> **DATA FOR THIS EXERCISE**:
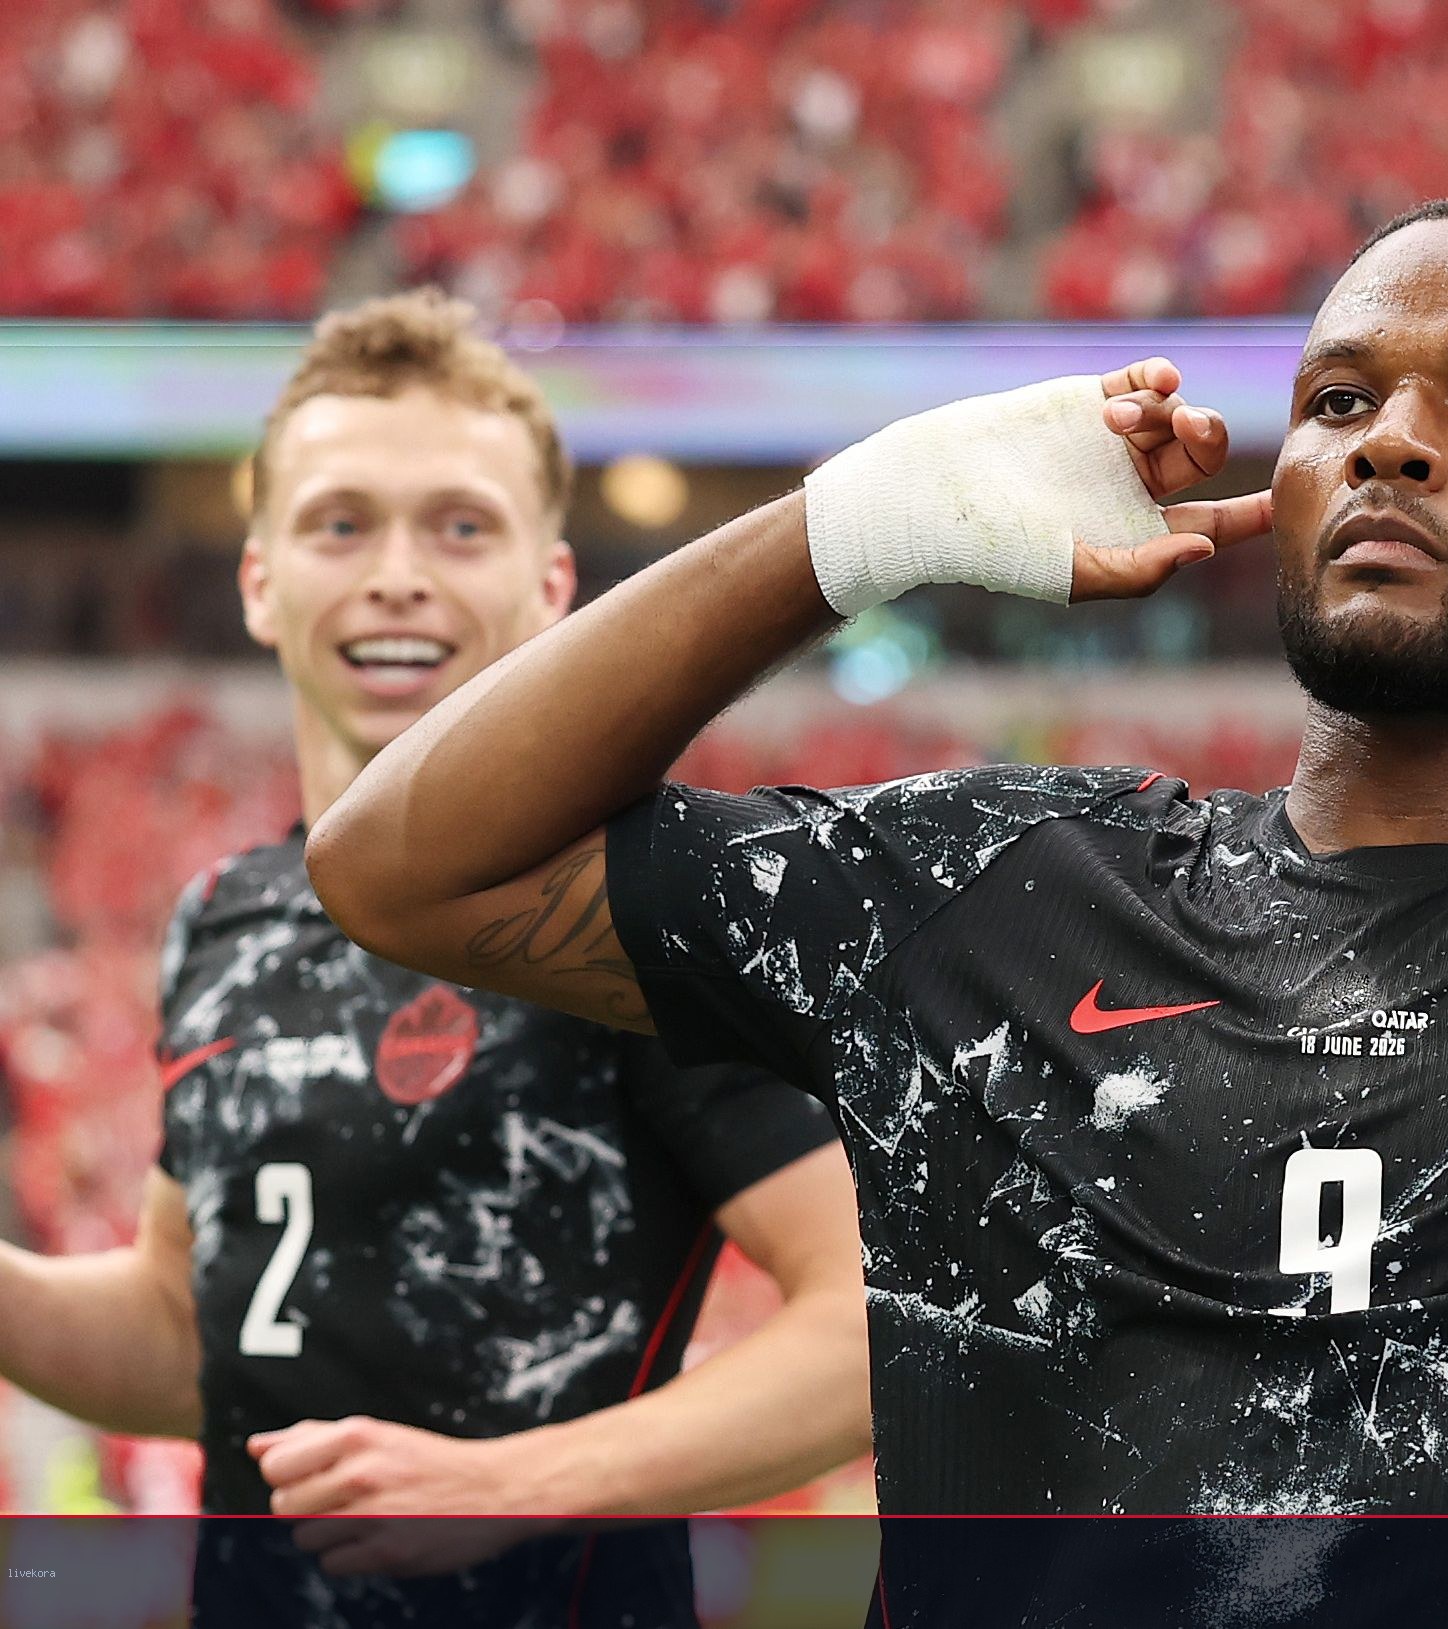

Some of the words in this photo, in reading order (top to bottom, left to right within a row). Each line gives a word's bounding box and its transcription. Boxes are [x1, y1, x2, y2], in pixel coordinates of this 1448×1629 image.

[1300, 1035, 1316, 1054] 18
[1322, 1035, 1363, 1056] JUNE
[1369, 1037, 1406, 1057] 2026
[1371, 1009, 1429, 1030] QATAR
[238, 1161, 315, 1358] 2
[1269, 1148, 1383, 1315] 9
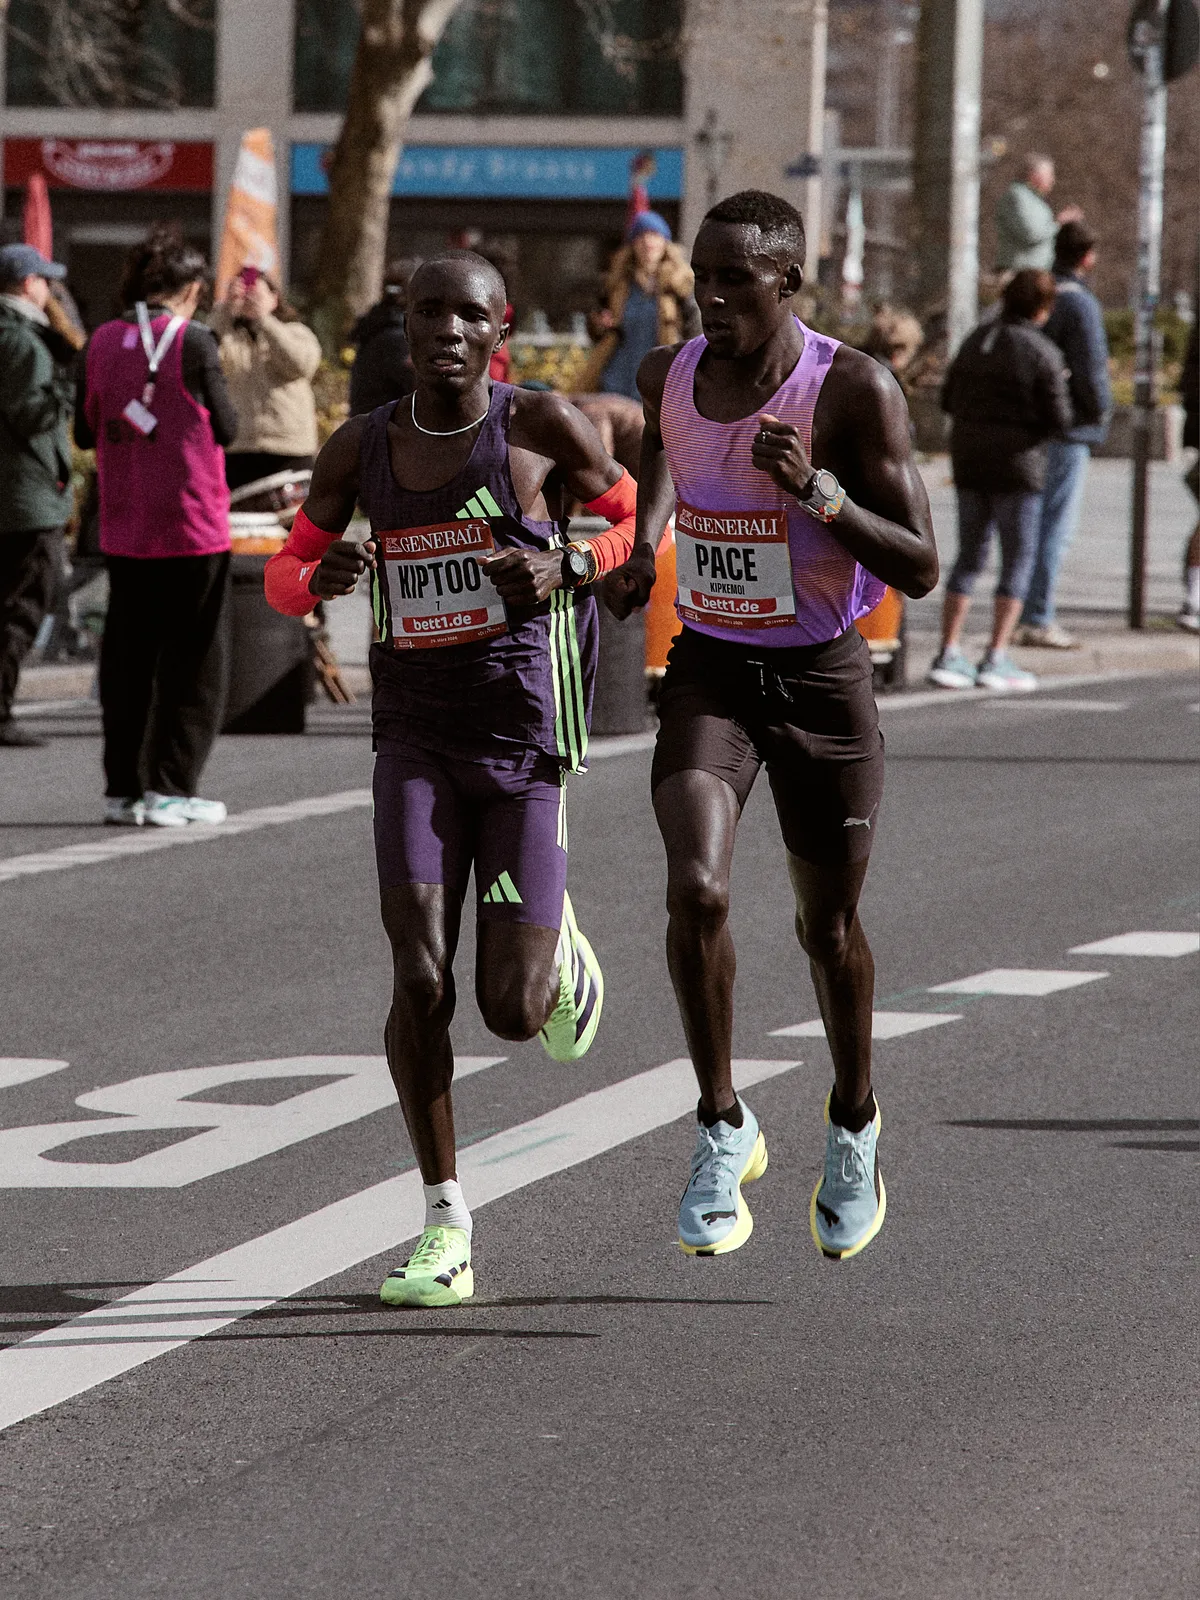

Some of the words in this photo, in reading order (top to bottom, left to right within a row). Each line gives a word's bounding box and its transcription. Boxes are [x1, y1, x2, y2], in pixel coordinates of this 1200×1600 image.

[693, 515, 778, 536] GENERALI
[400, 526, 484, 553] GENERALI
[694, 543, 758, 582] PACE
[398, 557, 482, 599] KIPTOO
[709, 582, 746, 596] KIPKEMOI
[701, 595, 760, 613] bett1.de
[412, 613, 472, 631] bett1.de
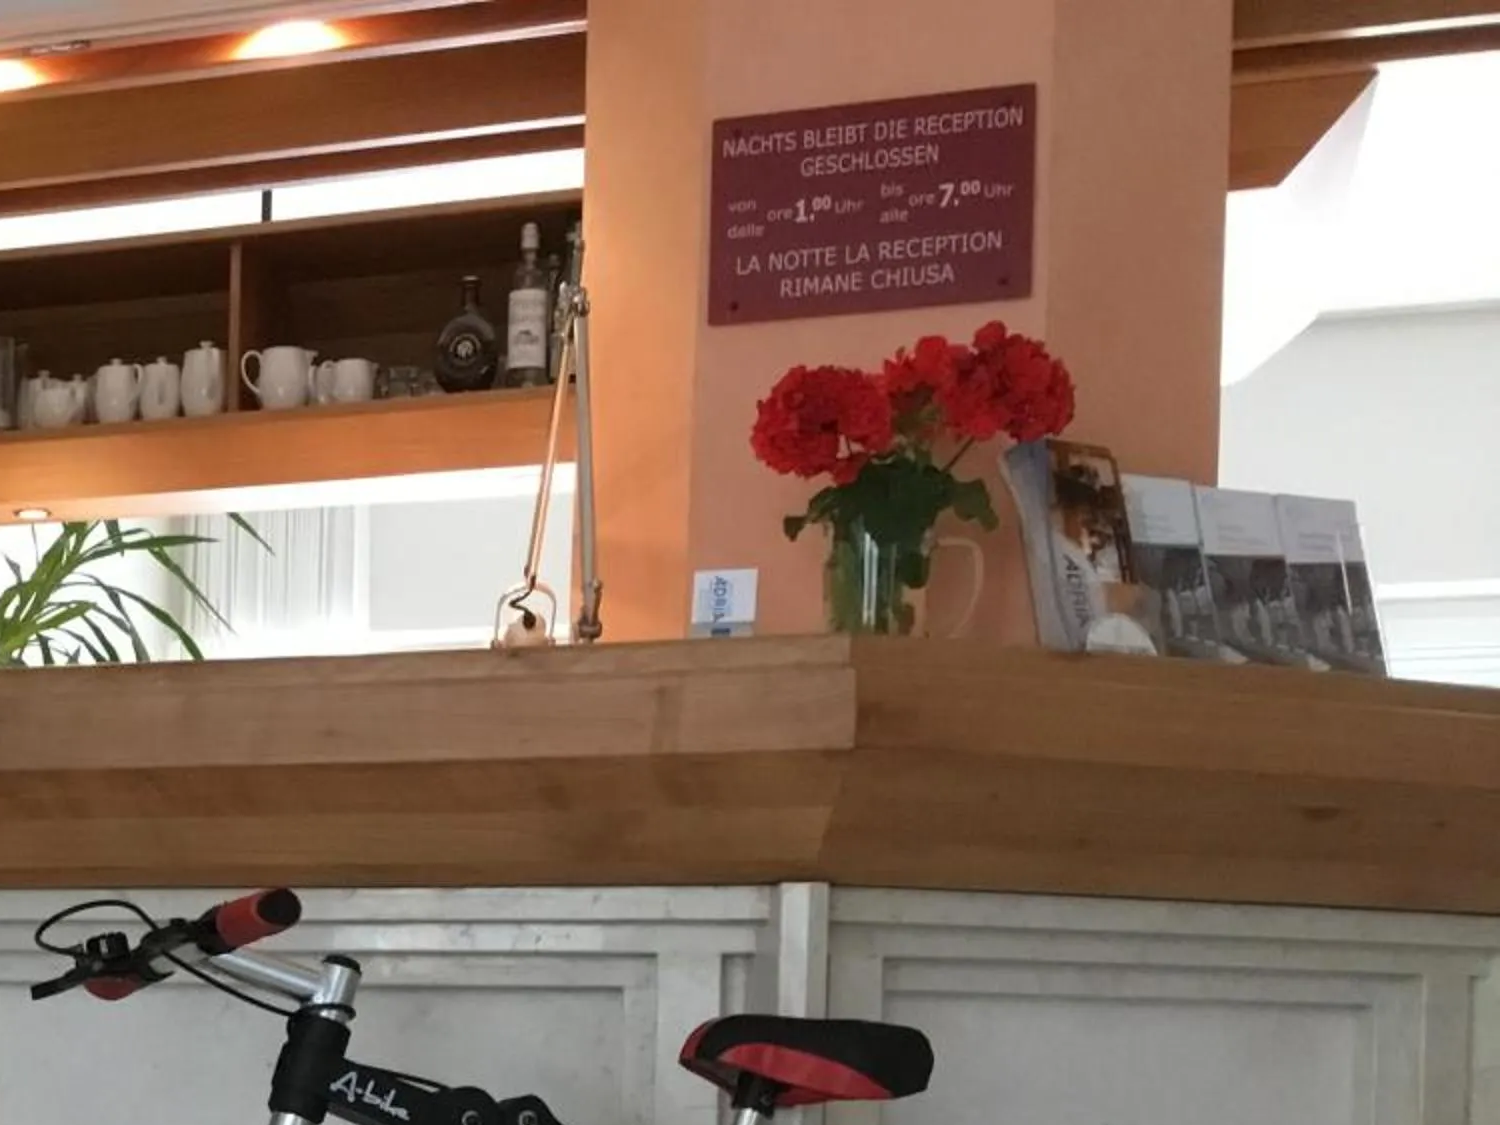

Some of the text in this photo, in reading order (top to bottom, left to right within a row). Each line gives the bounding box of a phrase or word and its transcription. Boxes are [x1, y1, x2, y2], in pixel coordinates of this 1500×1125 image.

[722, 105, 1024, 159] NACHTS BLEIBT DIE RECEPTION
[800, 143, 940, 178] GESCHLOSSEN
[880, 182, 904, 198] bis
[983, 181, 1014, 198] Uhr
[727, 200, 757, 213] von
[835, 199, 864, 214] Uhr
[736, 230, 1002, 276] LA NOTTE LA RECEPTION
[780, 262, 955, 298] RIMANE CHIUSA

> **WHAT TO WORK ON**: After finding the line that contains "Some of the text" in the records above, copy that line and each one after it exactly, through the final line.

> **TASK OUTPUT**:
Some of the text in this photo, in reading order (top to bottom, left to right within a row). Each line gives the bounding box of a phrase or word and its transcription. Boxes are [x1, y1, x2, y2], in pixel coordinates of this 1500×1125 image.

[722, 105, 1024, 159] NACHTS BLEIBT DIE RECEPTION
[800, 143, 940, 178] GESCHLOSSEN
[880, 182, 904, 198] bis
[983, 181, 1014, 198] Uhr
[727, 200, 757, 213] von
[835, 199, 864, 214] Uhr
[736, 230, 1002, 276] LA NOTTE LA RECEPTION
[780, 262, 955, 298] RIMANE CHIUSA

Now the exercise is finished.